* What is required
Please transcribe the records precisely; pictures stay out of your copy.

* Listed entries
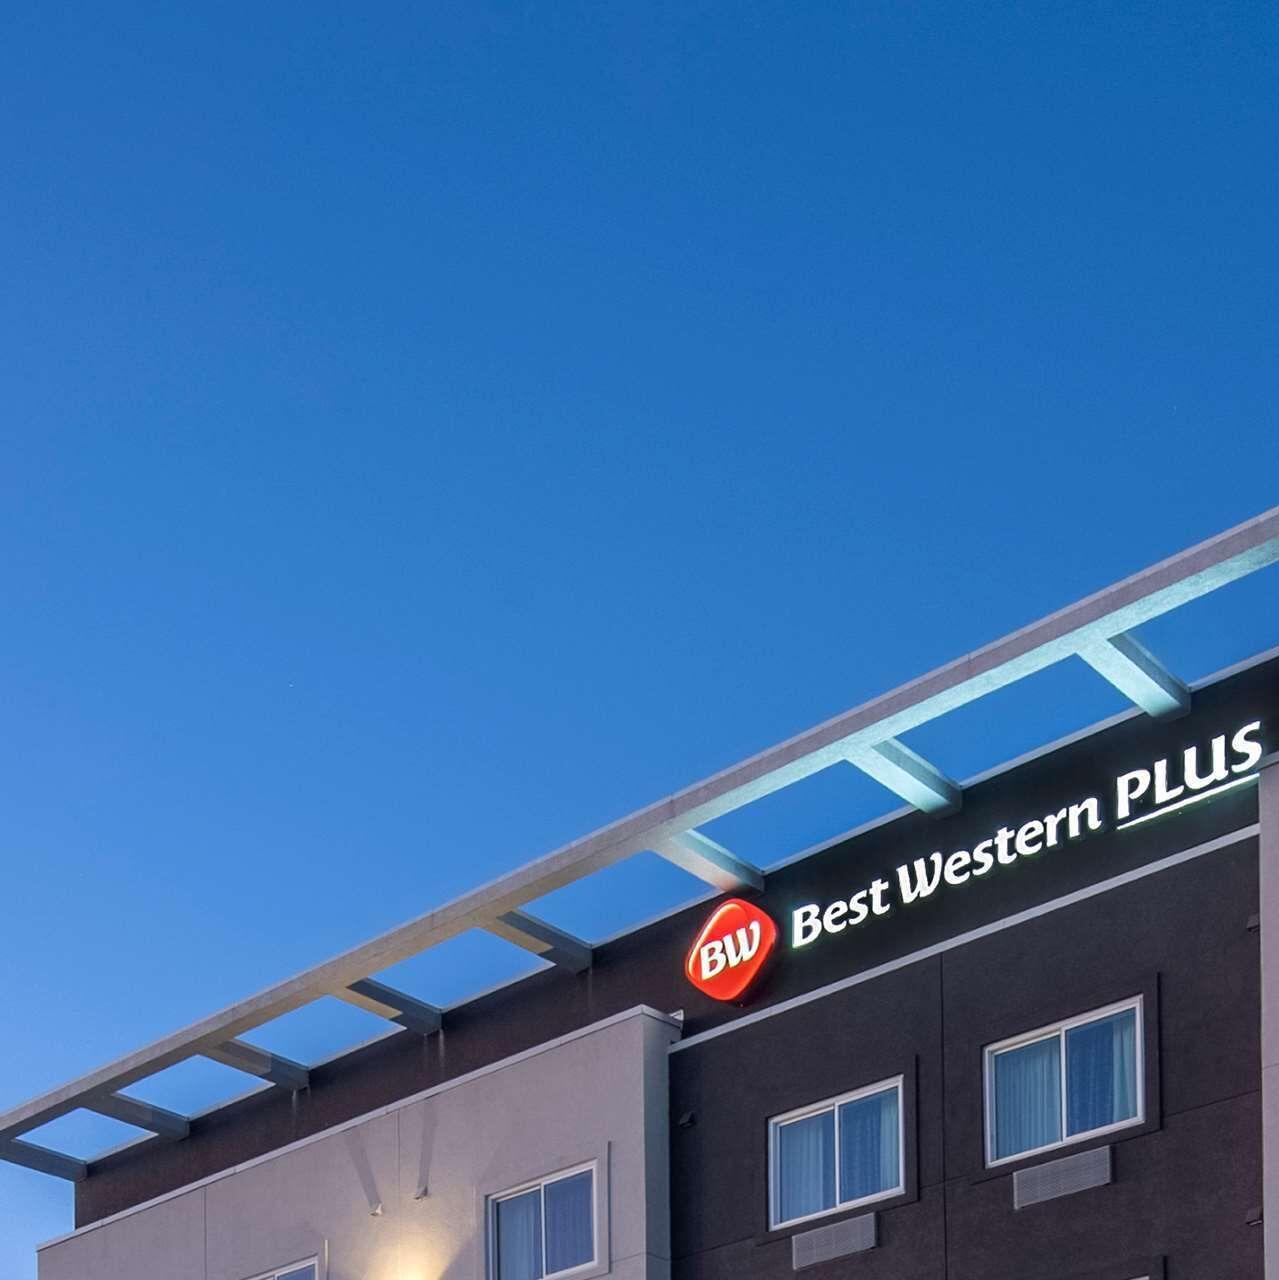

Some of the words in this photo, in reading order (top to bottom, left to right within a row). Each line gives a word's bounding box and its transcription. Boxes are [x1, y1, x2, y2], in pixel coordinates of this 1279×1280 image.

[791, 878, 891, 949] Best
[896, 795, 1103, 905] Western
[1116, 719, 1264, 821] PLUS
[699, 918, 762, 980] BW
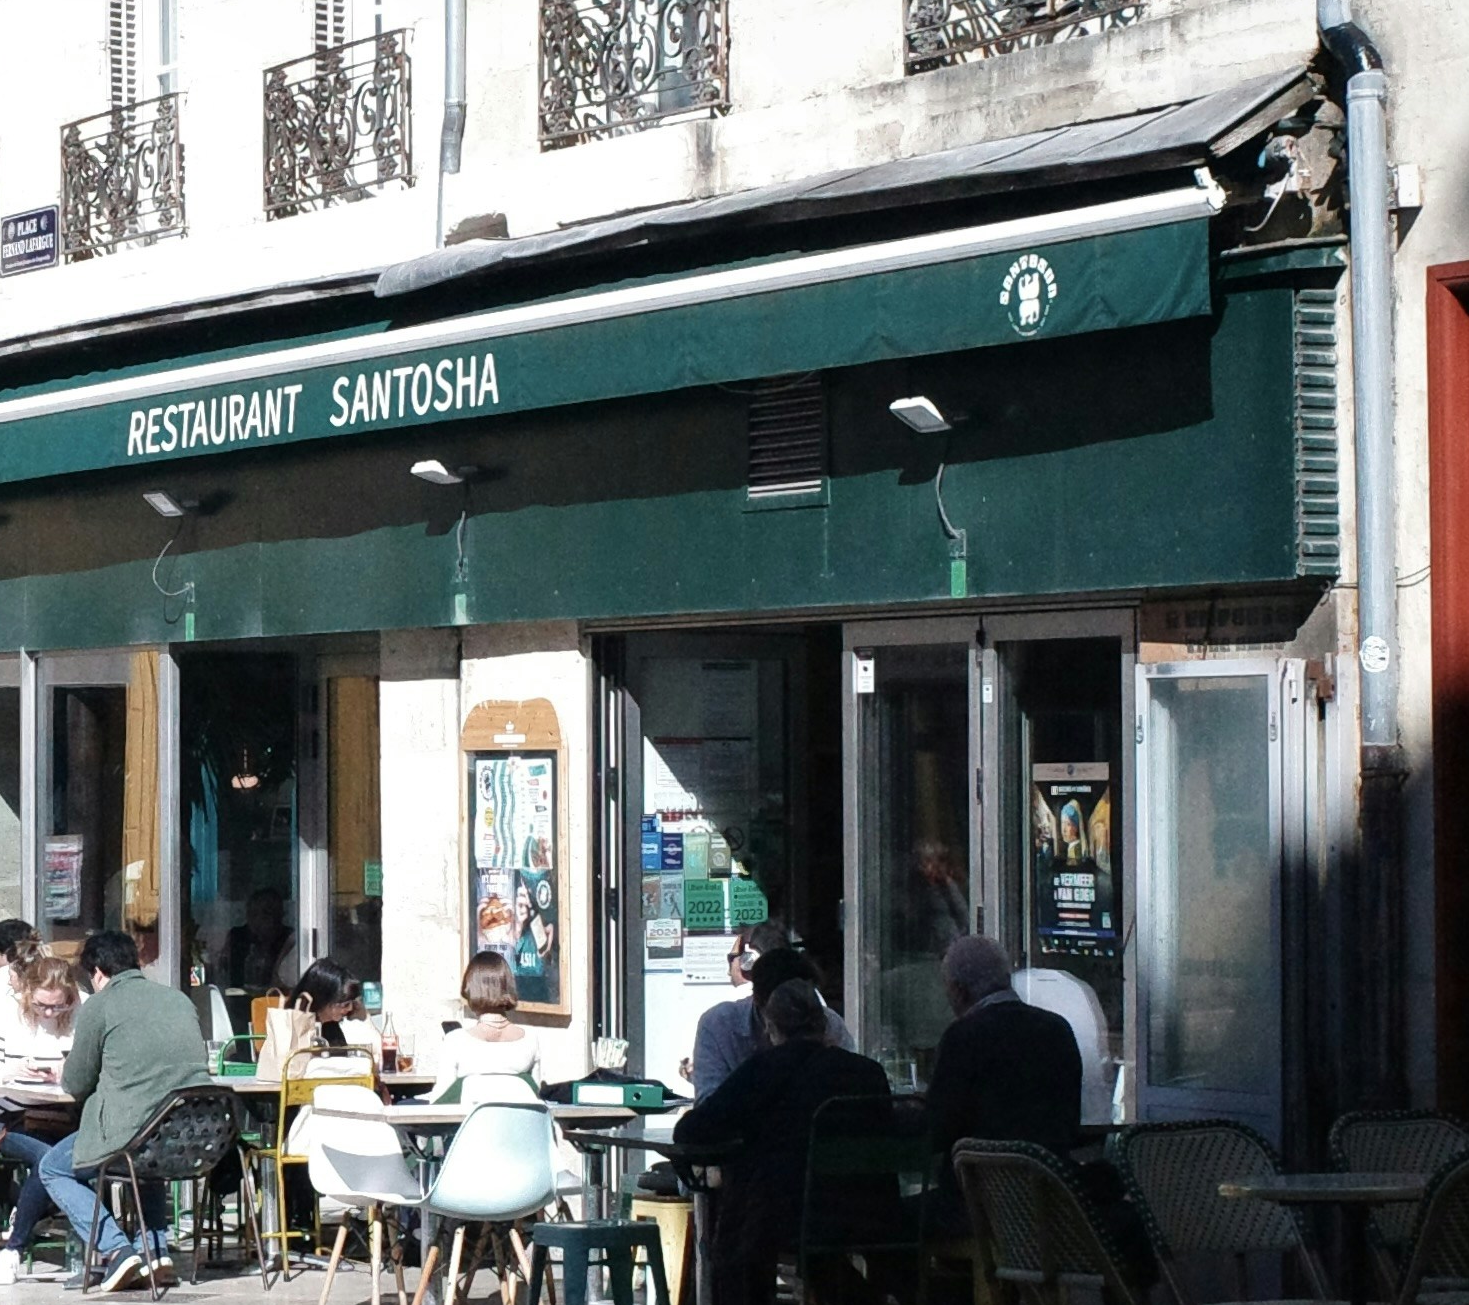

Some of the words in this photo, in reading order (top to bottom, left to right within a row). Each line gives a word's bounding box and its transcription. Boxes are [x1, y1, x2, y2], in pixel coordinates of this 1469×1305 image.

[17, 218, 37, 236] PLACE
[127, 384, 303, 456] RESTAURANT
[329, 353, 500, 428] SANTOSHA
[688, 901, 721, 914] 2022
[734, 909, 764, 921] 2023
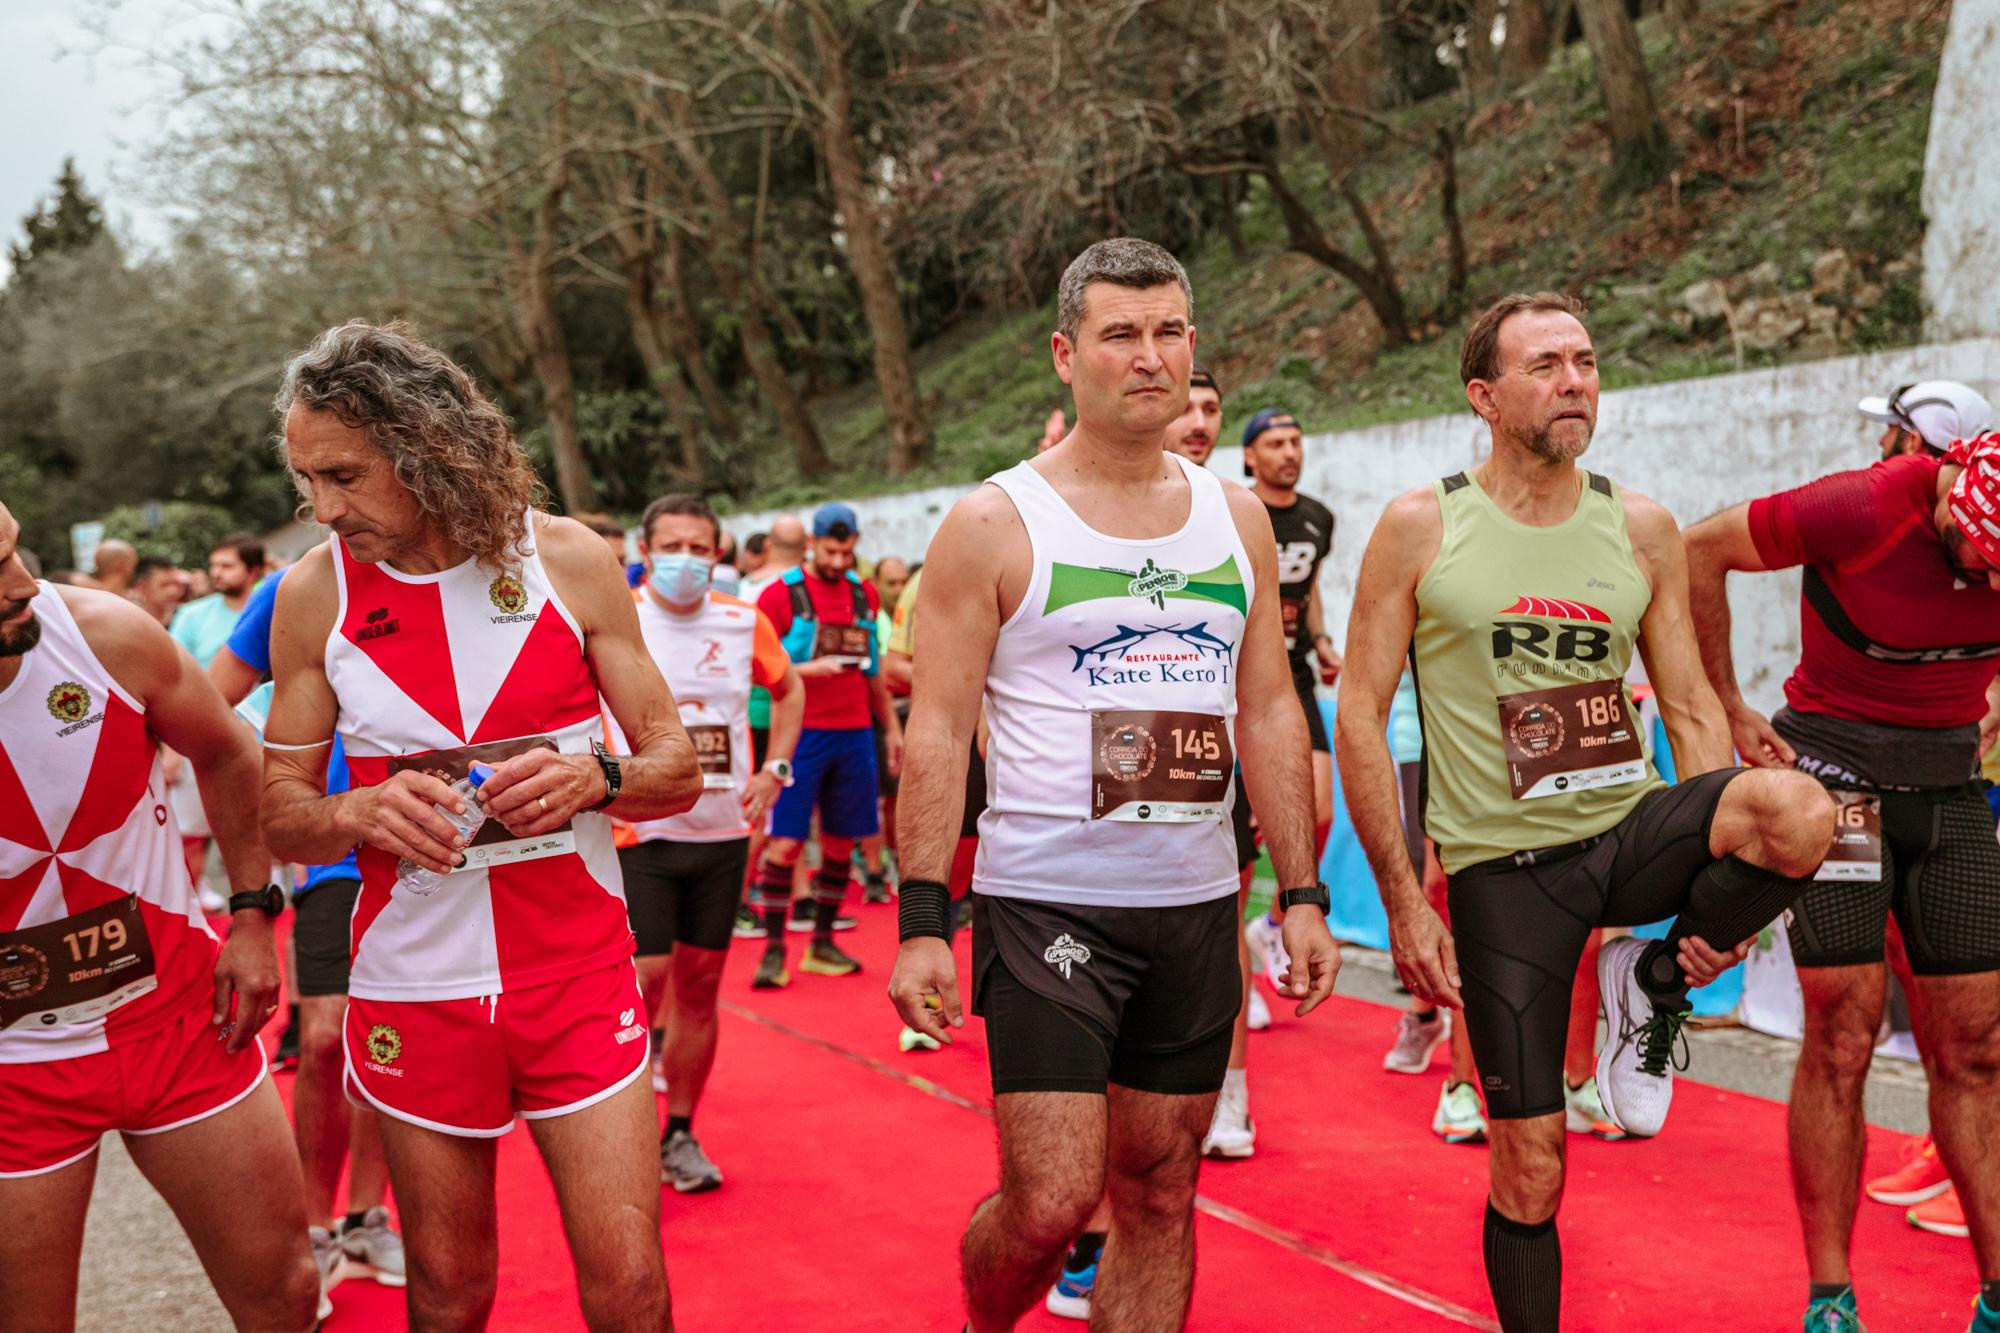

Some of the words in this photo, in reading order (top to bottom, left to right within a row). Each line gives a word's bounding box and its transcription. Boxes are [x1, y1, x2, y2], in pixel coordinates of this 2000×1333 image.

* Response to the task
Some of the words in this photo, in reading order (top to bottom, left to right within a row). Each line gives a word's bounding box and its transcription. Boxes are [x1, y1, x2, y2], in pixel coordinates of this 1279×1280 image.

[791, 878, 891, 949] Best
[896, 795, 1103, 905] Western
[1116, 719, 1264, 821] PLUS
[699, 918, 762, 980] BW

Some of the words in this photo, in reading order (top to bottom, left to right within a row). Each line gives a word's bounding box and its transcription. Boxes are [x1, y1, x2, y2], in pixel coordinates of this 1469×1305 image.

[17, 218, 37, 236] PLACE
[127, 384, 303, 456] RESTAURANT
[329, 353, 500, 428] SANTOSHA
[688, 901, 721, 914] 2022
[734, 909, 764, 921] 2023

Some of the words in this photo, in reading order (top to bottom, left to right within a row). Each line gives a word's bounding box and its transcription. Boxes are [x1, y1, x2, y2], in pixel coordinates of this 2000×1333 image.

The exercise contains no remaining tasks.